Sackerson’s Outdoor Play, Cherry Wine in Paper Cups, Leads Performance Art’s Brave Return to Downtown Salt Lake City 

When Salt Lake City entered the pandemic-induced lockdown in March, the Sackerson theater company leadership trio—cofounders Dave Sackerson and Alex Ungerman, and producer Morag Shepherd—managed the way many of us did. “We spent about a month feeling depressed,” Dave said. “But then we picked ourselves up and thought, ‘How do we go on creating art within this box we’ve been restricted to?’” The result is Cherry Wine in Paper Cups, an original, intimate, site-specific outdoor play debuting in downtown Salt Lake City on September 12.

While presenting live performance within the socially distanced confines of pandemic would seem, to many, problematic at best, creating theater outside of traditional parameters is actually what Sackerson is all about. Known as ‘immersive’ or ‘experiential’ theatre, Dave describes what his namesake theater company does as “never letting the audience disappear.” This broad mandate equates to a theater experience that’s about much more than simply breaking the prototypical fourth wall. “It’s inviting them—or rather requiring them—to play an active role in the production,” he says. 

Sackerson’s 2018 production of Hindsight, for example, asked audience members to board a UTA bus on downtown Salt Lake City’s State Street where, during the ride, the entire play was performed. Actors rang up ticketholders for Before the Beep, which was performed exclusively via phone. And last fall’s A Brief Waltz in a Little Room took 10 individual audience members through 11 rooms within a home, with each audience member visiting the rooms in a different sequence. A three-minute performance within each room offered a piece in the puzzle making up the life of the play’s protagonist, Walter Eyer. 

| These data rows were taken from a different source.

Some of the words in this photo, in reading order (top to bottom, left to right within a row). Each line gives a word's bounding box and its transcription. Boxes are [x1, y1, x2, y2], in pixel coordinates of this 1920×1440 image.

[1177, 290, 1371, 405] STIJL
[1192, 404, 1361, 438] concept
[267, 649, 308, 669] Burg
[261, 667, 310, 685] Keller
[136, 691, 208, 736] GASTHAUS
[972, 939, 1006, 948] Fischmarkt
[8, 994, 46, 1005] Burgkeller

For Cherry Wine in Paper Cups, the audience will be asked to don headphones and take a socially distanced seat on the lawn at Library Square Park. There they’ll be led by a narrator into the story of Taylor and Rain. “It’s sort of a love story about hope in a hopeless situation, told over the course of a few chance meetings,” Dave says.

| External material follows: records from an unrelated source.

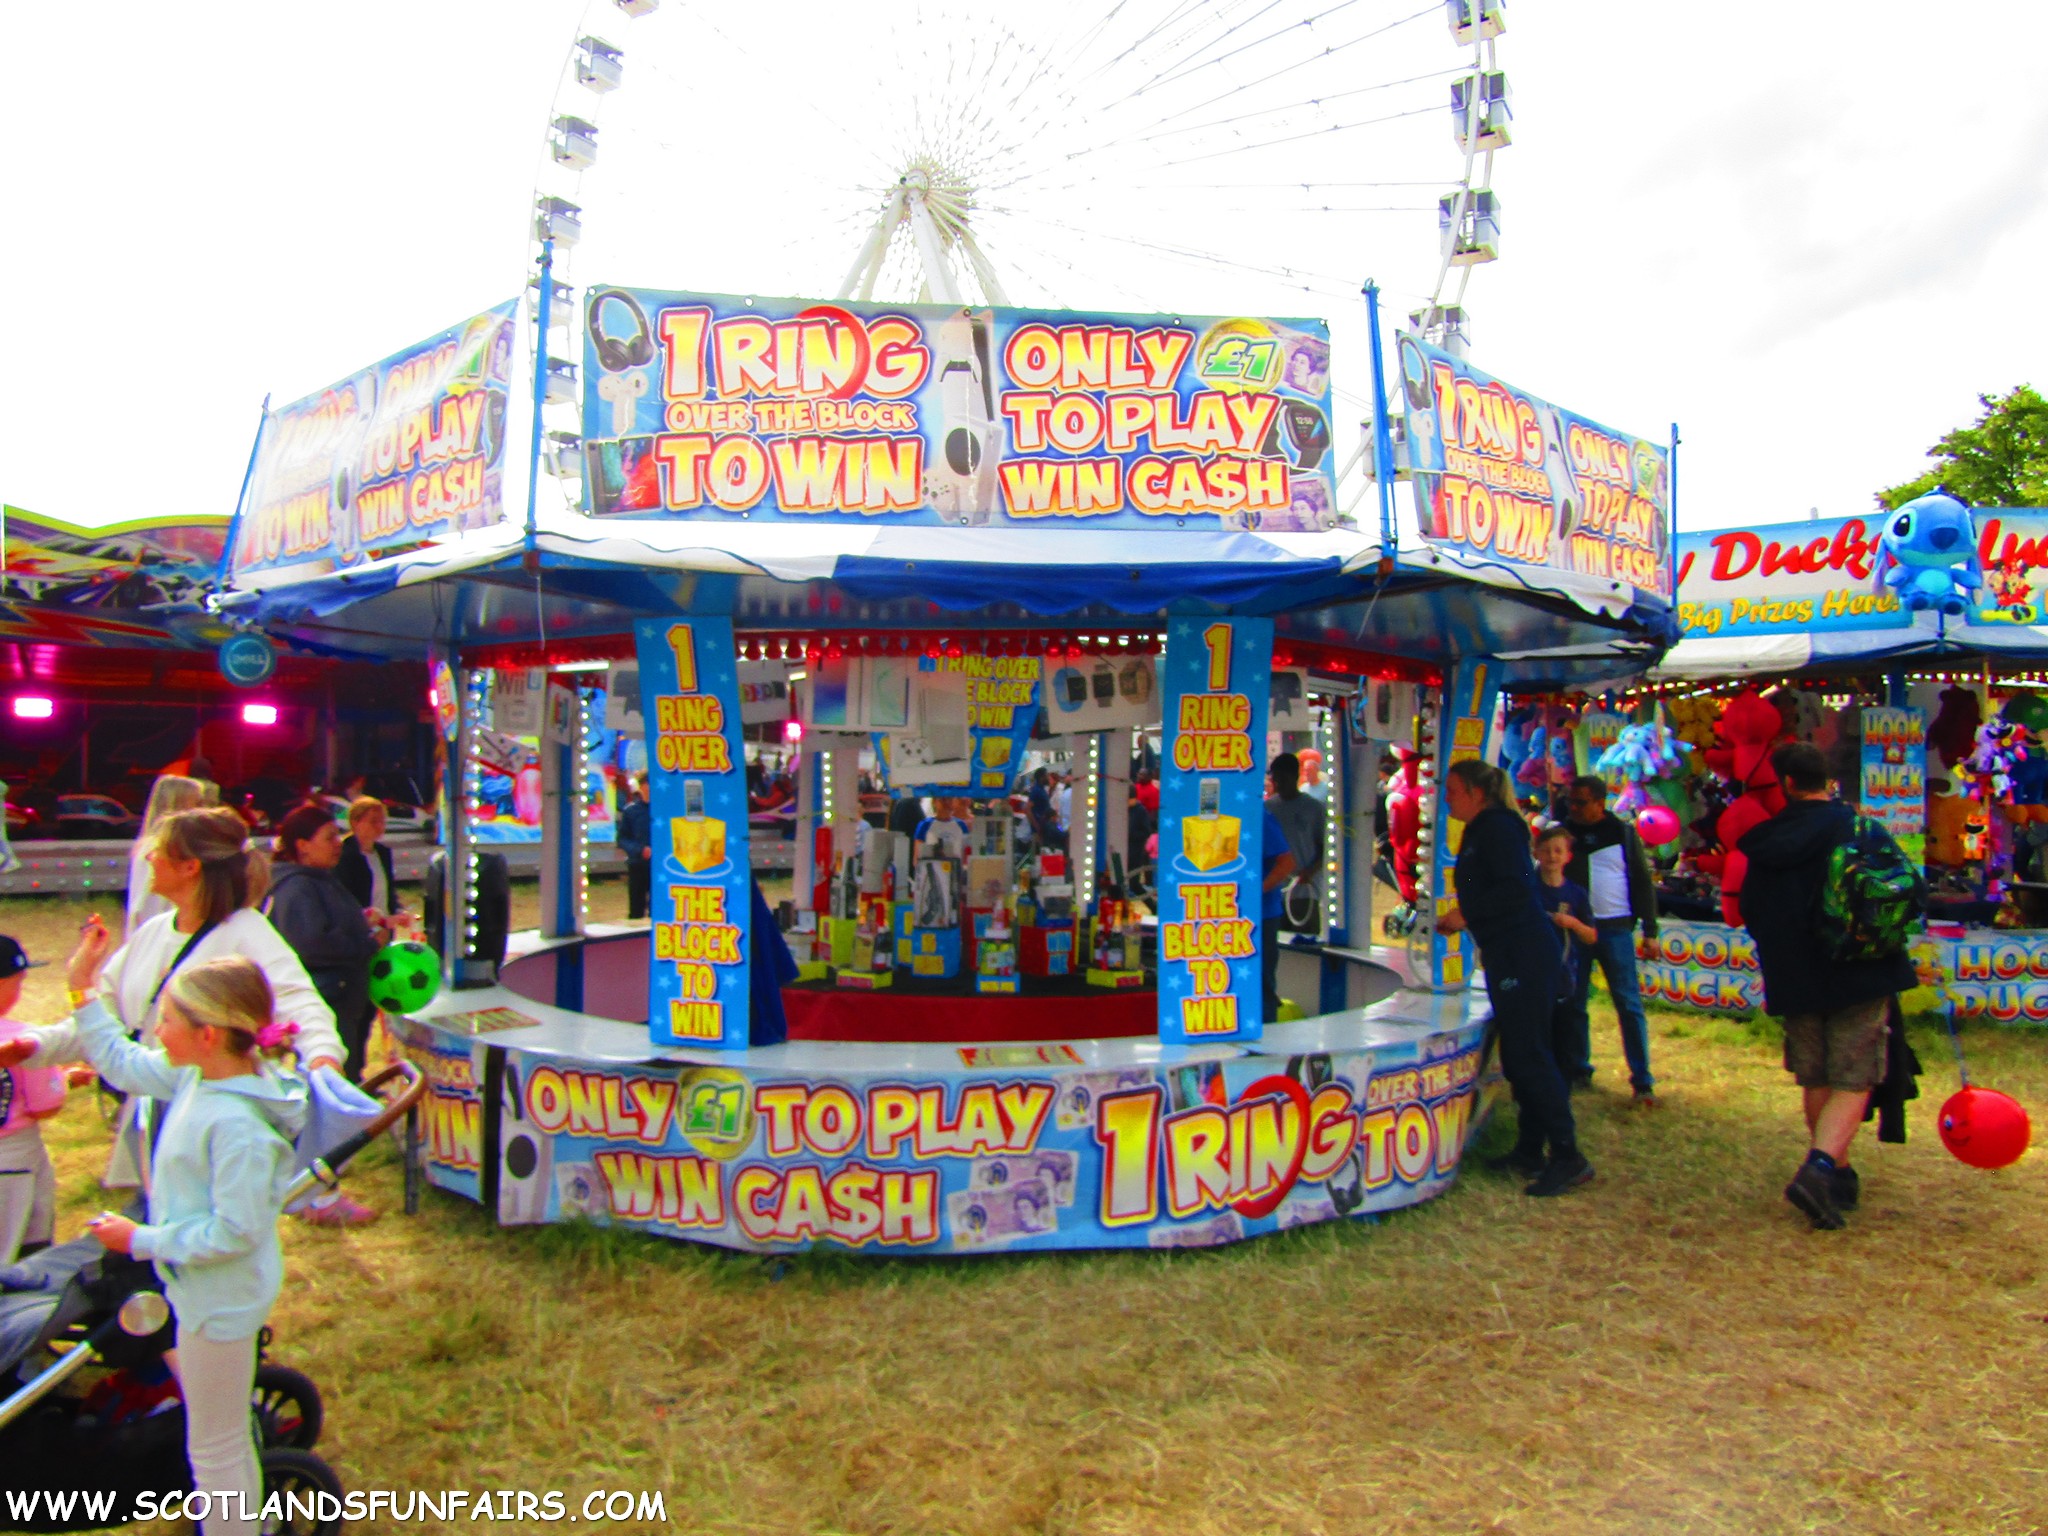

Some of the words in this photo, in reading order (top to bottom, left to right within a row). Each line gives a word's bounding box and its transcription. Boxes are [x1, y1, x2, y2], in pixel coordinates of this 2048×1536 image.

[661, 306, 712, 400] 1
[713, 315, 929, 400] RING
[1004, 323, 1196, 391] ONLY
[1202, 337, 1279, 382] £1
[396, 386, 489, 474] PLAY
[667, 401, 752, 432] OVER
[753, 401, 814, 431] THE
[816, 401, 917, 431] BLOCK
[1001, 390, 1105, 453] TO
[1105, 391, 1284, 453] PLAY
[1431, 360, 1459, 447] 1
[1455, 377, 1544, 467] RING
[655, 433, 770, 511] TO
[769, 436, 925, 513] WIN
[1567, 422, 1631, 488] ONLY
[355, 474, 407, 543] WIN
[998, 456, 1122, 516] WIN
[1574, 472, 1611, 531] TO
[1602, 483, 1656, 547] PLAY
[1442, 471, 1494, 549] TO
[1492, 490, 1554, 564] WIN
[1570, 530, 1609, 579] WIN
[1678, 602, 1722, 634] Big
[1730, 596, 1813, 625] Prizes
[666, 623, 697, 692] 1
[994, 656, 1041, 680] OVER
[1203, 622, 1232, 692] 1
[655, 695, 724, 733] RING
[976, 680, 1033, 704] BLOCK
[978, 704, 1014, 729] WIN
[1178, 693, 1251, 732] RING
[656, 733, 733, 773] OVER
[1173, 732, 1254, 772] OVER
[668, 884, 726, 923] THE
[1177, 881, 1239, 920] THE
[655, 921, 743, 965] BLOCK
[1162, 918, 1256, 961] BLOCK
[676, 961, 717, 1001] TO
[1186, 958, 1230, 996] TO
[1637, 961, 1751, 1011] DUCK
[670, 1000, 723, 1040] WIN
[1180, 994, 1238, 1035] WIN
[1366, 1068, 1421, 1108] OVER
[527, 1066, 680, 1145] ONLY
[684, 1083, 746, 1139] £1
[756, 1083, 863, 1158] TO
[866, 1083, 1057, 1160] PLAY
[1098, 1085, 1164, 1228] 1
[1163, 1081, 1360, 1219] RING
[1359, 1102, 1434, 1189] TO
[595, 1151, 726, 1228] WIN

Cherry Wine in Paper Cups, written by Sackerson producer Morag Shepherd, opens on Saturday, September 12 at 7 p.m. Tickets are $25 each and can be purchased at sackerson.org. Sales are limited to just 40 people for each 60-minute performance. This outdoor play will run weekend evenings, “as long as the weather holds and we’re selling tickets,” Dave said. 

Though what this winter could hold for Sackerson is, obviously, still a big pandemic-dominated question mark, Dave says the company will spend the cold weather months developing a new plays and looking forward to finally debuting the MITE (Micro-Immersive Theater Experience) Festival, originally scheduled to run this summer, in June 2021.